(Bloomberg) – Industrial production is one of the dirtiest corners of the corporate world. A startup of ex-Google engineers thinks it can clean it up with artificial intelligence.
Phaidra, a Seattle-based company, sells AI software to automate building controls for power plants and other industrial giants. It relies on the same patch as their old company, DeepMind, Google’s research lab. For several years, DeepMind has let its AI system manage temperature checks inside Google data centers, ultimately shaving off huge chunks of the company’s electricity bill.
Phaidra’s algorithms are designed to select the most efficient temperature for unique facilities, such as a steel mill or vaccine manufacturer, and identify when equipment begins to lag in performance. Once in place, Phaidra’s system can reduce a plant’s energy consumption by up to 30% and save considerable amounts of capital, according to the startup. “It can immediately make those businesses more profitable,” says Jeremy Brewer, managing partner at Starshot Capital, an investor.
Jim Gao, CEO of Phaidra, calls manufacturing an industry overlooked by Silicon Valley, but ripe for the kind of advanced machine learning being cooked up in places like Google. “They’ve been collecting data for so long, but they’re not using it,” he says of his new client base.
Indeed, the industrial sector, which accounts for about a quarter of all US greenhouse gas emissions and continues to grow, is beginning to embrace cutting-edge data science. A report by IOT Analytics projects that industrial AI revenue will reach $72.5 billion by 2025, up from $11 billion in 2018.
Yet most of this usage represents basic tasks like scanning data or creating online dashboards, not tools where algorithms run entire control systems without people changing dials, like this that Phaidra presents. Few manufacturers have the ability to attempt this or the budgets and engineering prowess to maintain such a system. “It’s very little,” says Jon Van Wyck, director general of BCG.
Phaidra, which was established in 2019, says it has several Fortune 100 industrial clients in areas as broad as pharmaceutical development to paper mills. He declines to name specific customers or financial figures. The startup recently raised $25 million in funding from Starshot and Character, investment firms created by other Google alumni. He also recruited Robert Locke, a 13-year veteran of industrial supplier Johnson Controls, as chairman.
Gao previously worked in the energy team at DeepMind alongside its technical co-founder, Vedavyas Panneershelvam. Engineers are among the few with extensive experience in reinforcement learning, a branch of AI where algorithms are designed to continually improve. The most famous version of DeepMind is AlphaGo, its system for whupping the popular challenging board game, Go.

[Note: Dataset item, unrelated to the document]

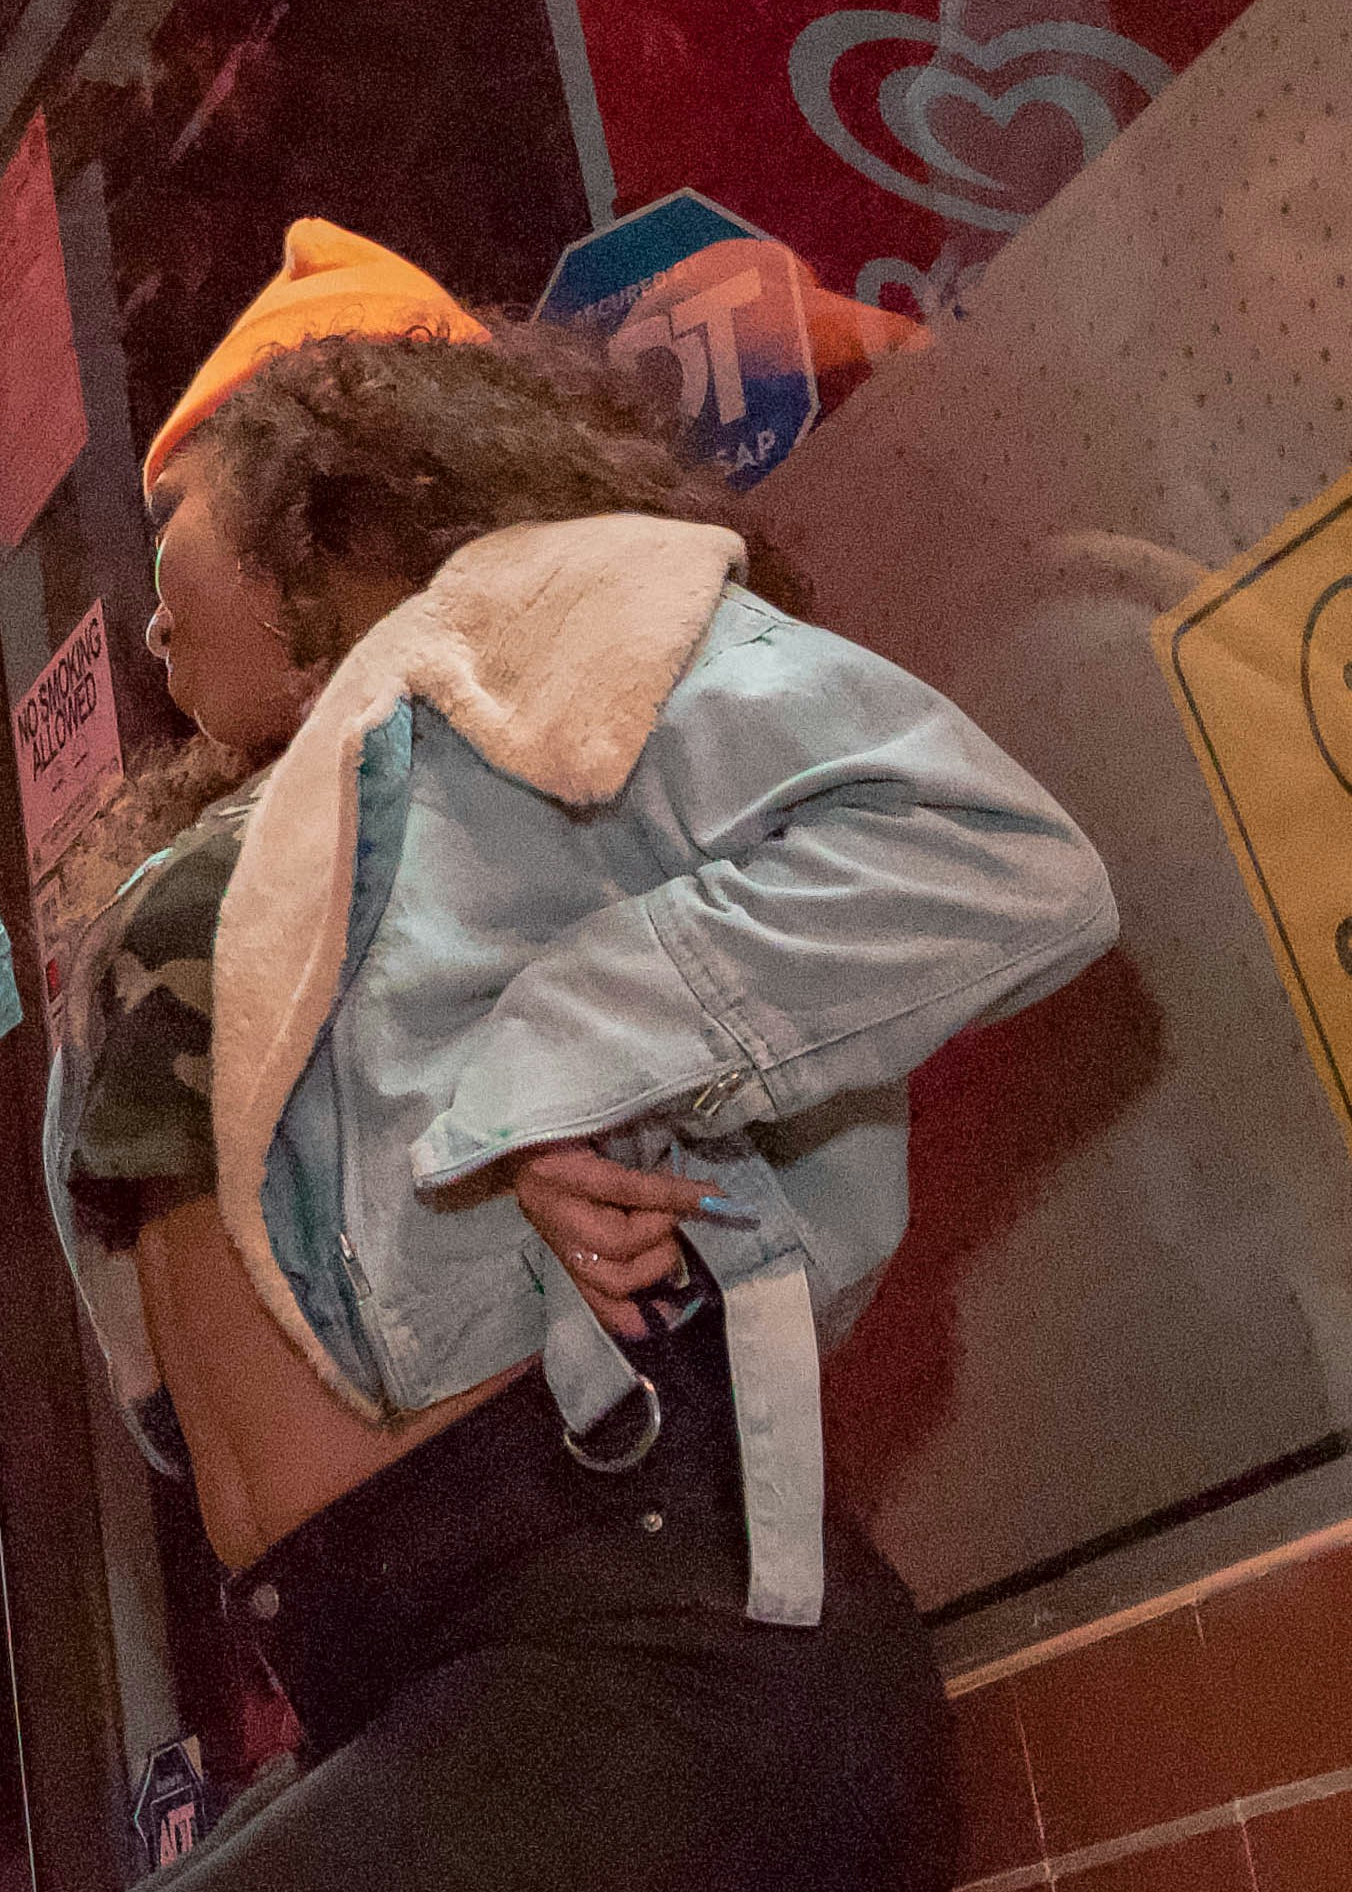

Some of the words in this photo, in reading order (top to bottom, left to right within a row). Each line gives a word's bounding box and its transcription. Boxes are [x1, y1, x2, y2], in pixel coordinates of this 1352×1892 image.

[17, 698, 39, 748] NO
[38, 617, 101, 725] SMOKING
[33, 671, 97, 783] ALLOWED

While AlphaGo has been optimized to win the Go, Katie Hoffman, another Phaidra co-founder, describes her system as one optimized to reduce the kilowatt hours of the factories it plugs into. Hoffman comes from the industrial sector – most recently as a director at equipment manufacturer Ingersoll Rand Inc. – and says many of Phaidra’s customers work in “critical” areas, with very specific requirements on how their factories operate. must be cooled and operated. They also rely on outdated, hand-coded software.
“They’re using what’s been around since the 1950s,” she says. “These industrial systems are incredibly difficult to operate on a good day. »

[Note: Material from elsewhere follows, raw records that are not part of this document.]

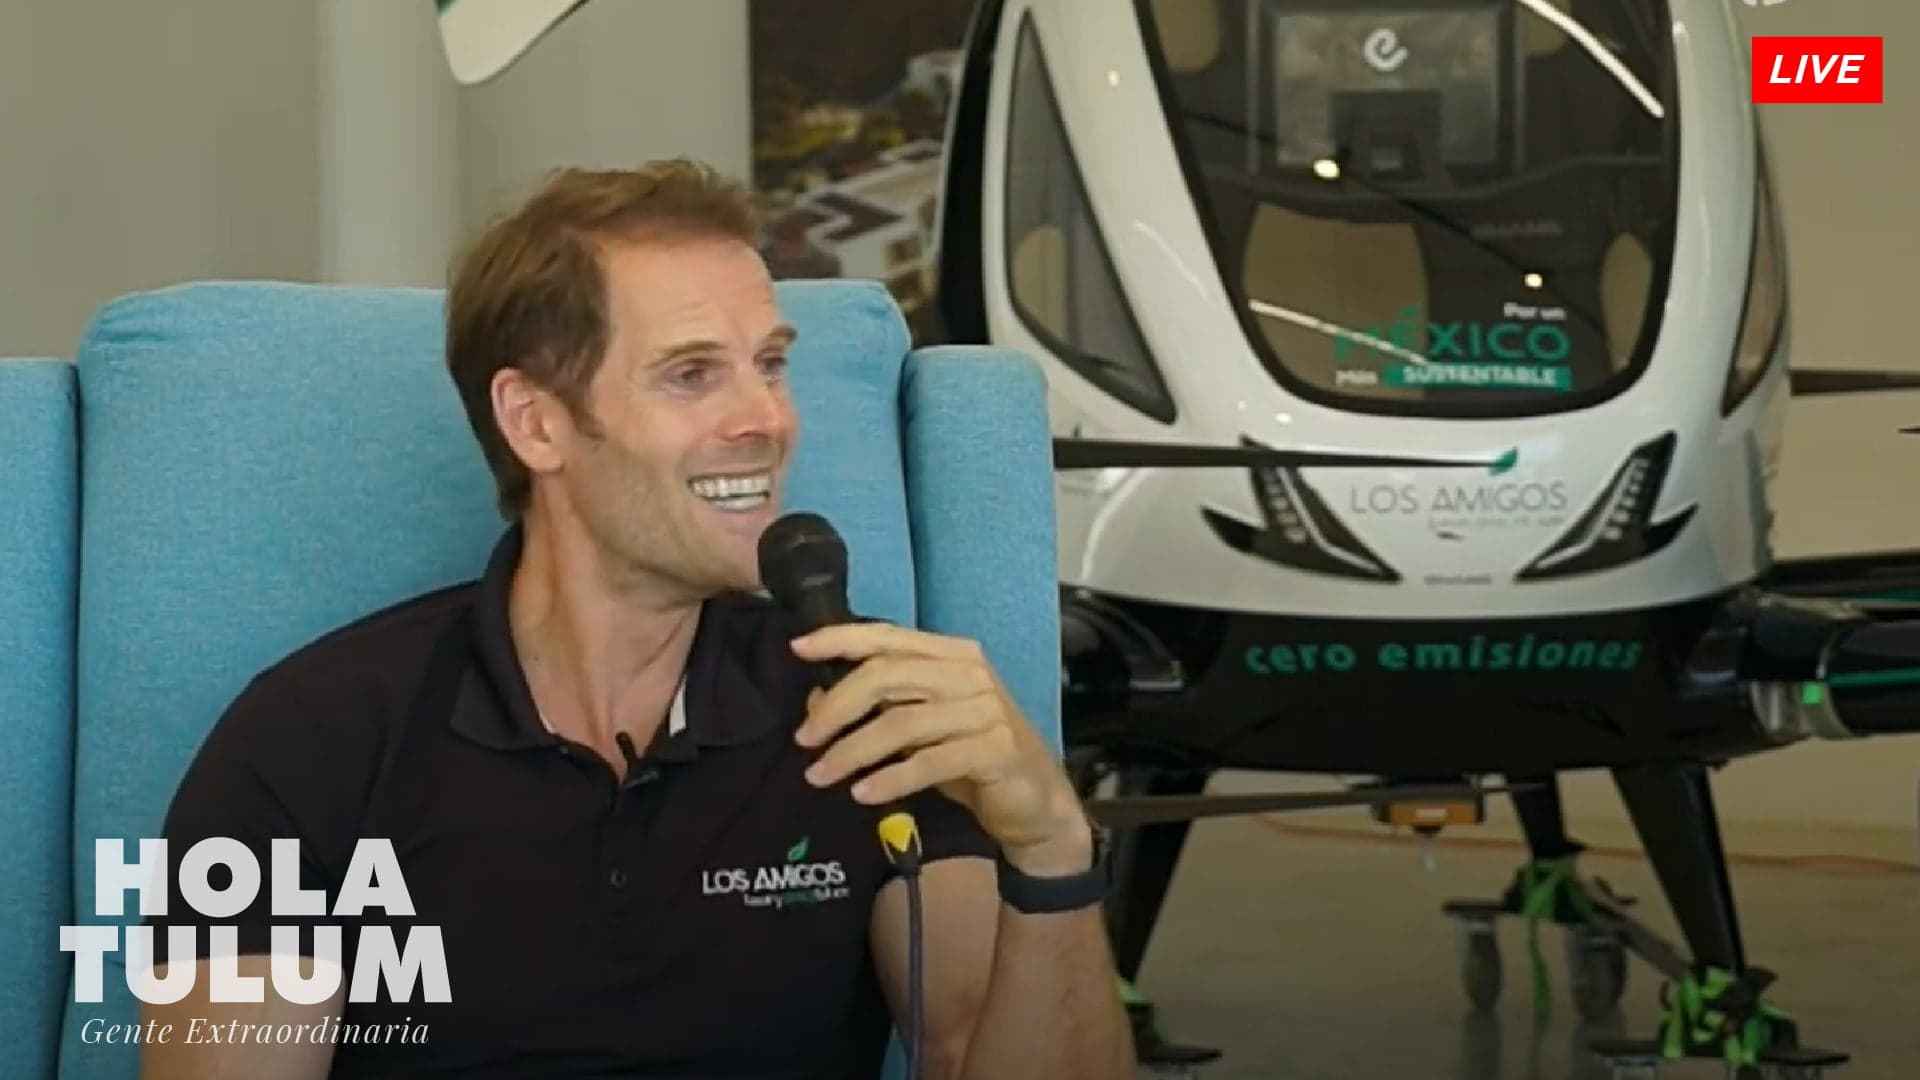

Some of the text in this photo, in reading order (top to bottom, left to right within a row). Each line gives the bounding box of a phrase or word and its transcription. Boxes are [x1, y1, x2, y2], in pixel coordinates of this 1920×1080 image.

[1350, 480, 1567, 514] LOS AMIGOS
[1244, 634, 1643, 674] cero emisiones
[702, 861, 846, 894] LOS AMIGOS
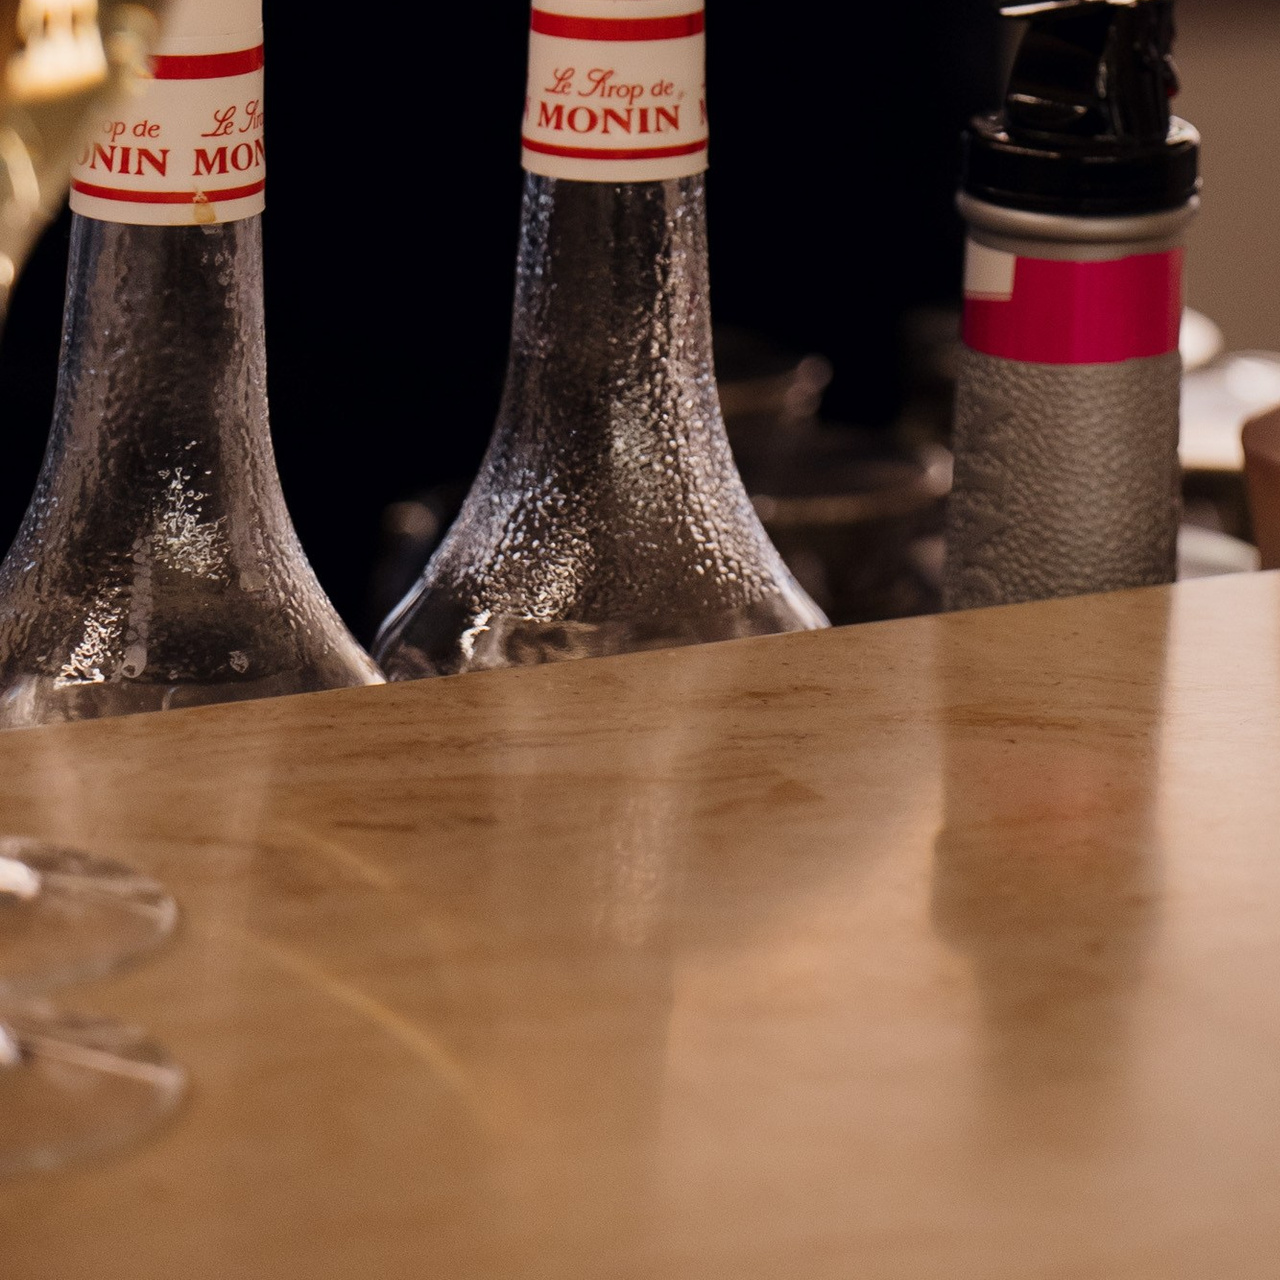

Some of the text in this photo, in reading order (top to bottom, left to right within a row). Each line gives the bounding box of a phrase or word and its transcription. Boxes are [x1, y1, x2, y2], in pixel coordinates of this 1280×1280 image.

[651, 80, 674, 97] de
[538, 101, 681, 134] MONIN
[133, 120, 160, 138] de

DeepMind’s building control algorithms continued to change dials inside Google’s data centers. And Google has started offering a similar service to its cloud customers. But the founders of Phaidra say their approach is tailored to the particularities of the industrial sector, which is light years away from the sophistication of a Google building.
Gao did not share his company’s pricing, but says customers pay Phaidra less than the energy savings they get from its service.